Yah sometimes it happens. I corrupted one of my MySQL db because of this.

But I think to solve this issue, you can try fix the Sqlite db first? Else just delete the *.db to start fresh.

There’s no obvious SQL database (e.g. Twonky.db). well, there was’n’t. I’ll have to go and check again.

I note that I’m running Twonky v7.2.9

I’ve just tried to access the recreated Twonky server database with MediaConnect on the iPad. All looks good, with the file structure and metadata categories all nicely populated. Great.
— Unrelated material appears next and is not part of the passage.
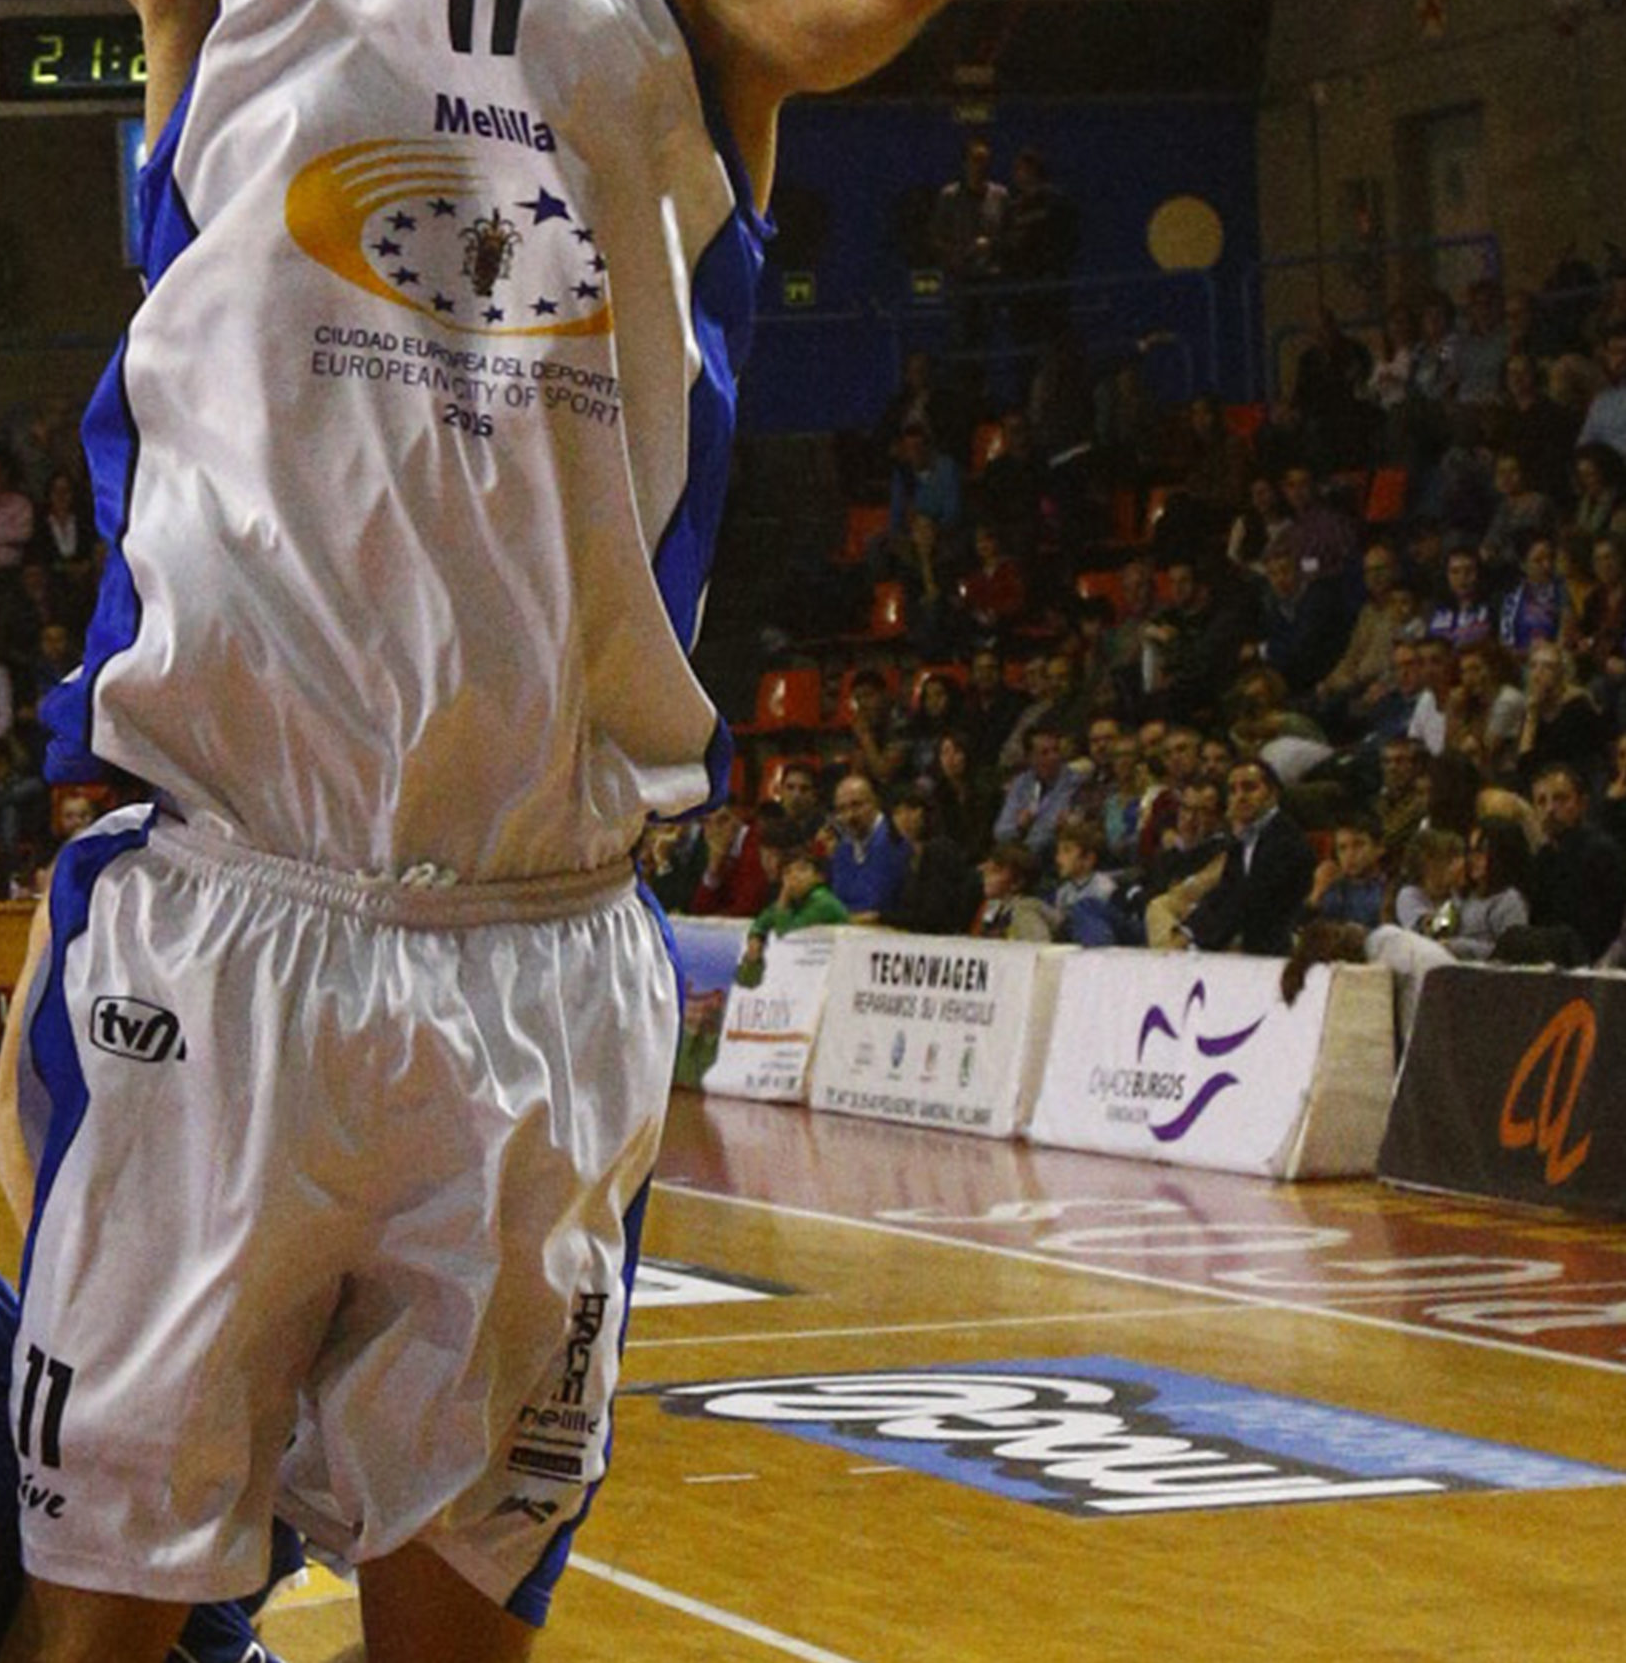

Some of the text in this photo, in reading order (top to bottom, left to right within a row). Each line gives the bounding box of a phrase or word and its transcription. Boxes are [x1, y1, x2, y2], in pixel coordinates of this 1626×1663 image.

Until you try to actually play music. When it refuses, and simply skips through the tracks in the album one after another., not making a squeak on the audio.

Ho hum. Yet more fun & games. Why do I seem to be beset by rubbish software? Maybe I should read reviews before going out and buying a cheap NAS. Maybe time to do as others have, and rip open the WD MyCloud, pull out the disk, and use it in something more reliable. Life is too short to spend it massaging poorly designed and implemented software… I could buy a SATA to USB interface and plug it into my Technicolor 582n router, and get all the facilities offered by the WD MyCloud. Shame it doesn’t seem to support NTFS disks, which might limit the video file support (4GB FAT32 limit).

Now, where’s that MiniDLNA install guide again…?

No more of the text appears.